During the transition times of the school day, when you bring your child to school and pick them up after school, we ask that you follow the simple guidelines below when you are in the hallway with your child.

Our Early Childhood classes have a combined enrollment of approximately 70 students, which including the parents, gives us over 140 people in the hallways at one time. There is also the 1st grade class in our lower halls, as well, so it is imperative that everyone keeps their voices very quiet and that parents help remind the children to use their “inside voices.” The Early Childhood faculty truly appreciates parents and children cooperating with the following requests:

Use walking feet in the hallways—never run, hop or skip.

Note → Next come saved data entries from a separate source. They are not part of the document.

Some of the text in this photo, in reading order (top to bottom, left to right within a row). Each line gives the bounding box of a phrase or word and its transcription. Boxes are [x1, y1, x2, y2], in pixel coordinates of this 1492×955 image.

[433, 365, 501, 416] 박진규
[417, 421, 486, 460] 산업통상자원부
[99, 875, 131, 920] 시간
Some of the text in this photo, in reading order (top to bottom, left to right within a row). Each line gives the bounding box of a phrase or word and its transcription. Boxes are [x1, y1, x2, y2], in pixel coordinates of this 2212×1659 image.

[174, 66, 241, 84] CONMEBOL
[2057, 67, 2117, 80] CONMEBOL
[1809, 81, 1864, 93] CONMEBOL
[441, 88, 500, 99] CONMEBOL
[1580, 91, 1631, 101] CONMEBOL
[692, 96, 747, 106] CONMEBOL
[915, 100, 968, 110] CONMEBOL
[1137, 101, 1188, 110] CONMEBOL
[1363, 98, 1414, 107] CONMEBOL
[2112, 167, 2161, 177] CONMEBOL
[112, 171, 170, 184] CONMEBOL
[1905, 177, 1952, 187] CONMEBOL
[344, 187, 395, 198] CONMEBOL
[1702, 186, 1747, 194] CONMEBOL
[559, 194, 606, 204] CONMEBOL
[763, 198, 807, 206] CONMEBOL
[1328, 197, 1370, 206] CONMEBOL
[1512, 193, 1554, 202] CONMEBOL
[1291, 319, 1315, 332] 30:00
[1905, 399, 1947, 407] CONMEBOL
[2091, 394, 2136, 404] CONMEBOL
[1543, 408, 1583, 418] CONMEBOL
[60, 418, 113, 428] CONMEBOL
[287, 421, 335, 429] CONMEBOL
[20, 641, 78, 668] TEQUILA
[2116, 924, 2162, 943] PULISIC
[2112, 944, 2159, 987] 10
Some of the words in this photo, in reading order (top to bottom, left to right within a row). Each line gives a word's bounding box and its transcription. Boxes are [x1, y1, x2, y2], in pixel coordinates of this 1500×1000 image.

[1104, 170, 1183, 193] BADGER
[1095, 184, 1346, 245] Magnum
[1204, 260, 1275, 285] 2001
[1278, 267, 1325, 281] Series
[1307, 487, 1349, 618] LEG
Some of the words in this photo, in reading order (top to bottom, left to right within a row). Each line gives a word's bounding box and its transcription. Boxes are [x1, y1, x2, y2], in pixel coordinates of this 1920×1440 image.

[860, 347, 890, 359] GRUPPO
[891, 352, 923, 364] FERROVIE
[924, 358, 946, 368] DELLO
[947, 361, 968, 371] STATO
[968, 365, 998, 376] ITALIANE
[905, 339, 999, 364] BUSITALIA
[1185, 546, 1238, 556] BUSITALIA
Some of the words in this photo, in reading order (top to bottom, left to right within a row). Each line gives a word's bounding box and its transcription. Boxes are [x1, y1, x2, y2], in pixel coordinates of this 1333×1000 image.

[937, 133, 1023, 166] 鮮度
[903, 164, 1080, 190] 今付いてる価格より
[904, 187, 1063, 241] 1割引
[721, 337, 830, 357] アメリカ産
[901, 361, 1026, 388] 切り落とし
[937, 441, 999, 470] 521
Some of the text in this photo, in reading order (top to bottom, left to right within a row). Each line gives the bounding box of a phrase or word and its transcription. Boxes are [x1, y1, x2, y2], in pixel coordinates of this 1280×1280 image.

  • Use quiet inside voices at all times in the hallways
  • Assist your children quietly with using the bathroom and washing both before and after school.
  • Children must always be accompanied by an adult, and never sent on their own to the bathroom or back into the building after school.
  • Only walking down the stairway—no running or skipping. Never allow children to slide on the banister.
  • No toy car rolling in the hallways (little toys from home). All personal toys should be left at home or in the car.
  • All parent conversations should occur after you have said good-bye to your child and these parent socializing times should happen away from the classroom cubby areas.

Health Policy

Your child's health is very important to all of us. While we are very conscious about frequently washing hands during the school day and disinfecting surfaces after the children go home, it is inevitable that children in a group setting will experience minor illnesses during the school year. It is very important to keep your child at home if they develop any symptoms of a possible illness, as well as keeping them home until they are no longer contagious. If your child becomes ill during the school day, we will contact you immediately to come and pick them up as soon as possible, as we are not equipped to care for sick children. We will certainly keep your child comfortable until you arrive, but will need to isolate them from the other children to keep the illness from spreading. If your child develops a communicable disease, (head lice or pinworms for example), please notify us at once.

Always keep your child home if he or she has symptoms associated with any other communicable disease, such as:

  • Any flu symptoms such as: sore throat, neck ache, abdominal pain, stomachache, constant cough, reddened eyes, constant sneezing, thick or constant nasal discharge, headache
  • Fever (staying home for 24 hours after fever has ceased)
  • Any illness serious enough to require antibiotics (staying home 48 – 72 hours after treatment begins)
  • Chicken Pox (staying home until last blister is scabbed over)
  • Conjunctivitis or Pinkeye (staying home until 24 hours after treatment starts)
  • Diarrhea (staying home until 24 hours after diarrhea has ceased)
  • Impetigo (staying home until 24 hours after treatment starts)
  • Lice (staying home until a proper treatment has been started) Because lice can spread so quickly though a class, please routinely check your child's scalp and become familiar with what to look for. The CDC has excellent resources here.
  • Pinworms (staying home until 24 hours after treatment starts)
  • Ringworm (staying home until 24 hours after treatment starts)
  • Vomiting (staying home for 24 hours after vomiting ceases)

Medication

Please do not pack medicine of any kind, including homeopathic remedies, or cough drops in your child’s lunch basket or cubby. Emergency medication, labeled with your child’s name and a date, must be taken to the office for secure storage.

Media/Television

The Waldorf philosophy emphasizes using creative imagery to spark the imagination and encourage harmonious play. The images children get from TV, videos, computer games, and movies can work against the creativity the child draws from within. The strong influence media has on small children is quite visible in many ways in the Kindergarten, from re-enacting scenes during playtime to being unable to sit still during story time, making it a challenging time rather than a time of wonderment and delight.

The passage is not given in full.